What you will do: These records must be written out again exactly.

[Free-text object descriptions]
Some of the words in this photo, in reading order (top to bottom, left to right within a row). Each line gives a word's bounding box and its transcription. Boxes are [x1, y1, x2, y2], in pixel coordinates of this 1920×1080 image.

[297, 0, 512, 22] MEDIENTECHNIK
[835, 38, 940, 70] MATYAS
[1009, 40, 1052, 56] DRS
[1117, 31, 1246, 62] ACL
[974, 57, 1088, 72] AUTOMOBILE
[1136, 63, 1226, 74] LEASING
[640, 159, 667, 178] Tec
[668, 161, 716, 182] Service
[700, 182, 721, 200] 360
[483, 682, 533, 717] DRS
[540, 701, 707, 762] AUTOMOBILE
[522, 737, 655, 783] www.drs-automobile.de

Answer to the exercise:
Some of the words in this photo, in reading order (top to bottom, left to right within a row). Each line gives a word's bounding box and its transcription. Boxes are [x1, y1, x2, y2], in pixel coordinates of this 1920×1080 image.

[297, 0, 512, 22] MEDIENTECHNIK
[835, 38, 940, 70] MATYAS
[1009, 40, 1052, 56] DRS
[1117, 31, 1246, 62] ACL
[974, 57, 1088, 72] AUTOMOBILE
[1136, 63, 1226, 74] LEASING
[640, 159, 667, 178] Tec
[668, 161, 716, 182] Service
[700, 182, 721, 200] 360
[483, 682, 533, 717] DRS
[540, 701, 707, 762] AUTOMOBILE
[522, 737, 655, 783] www.drs-automobile.de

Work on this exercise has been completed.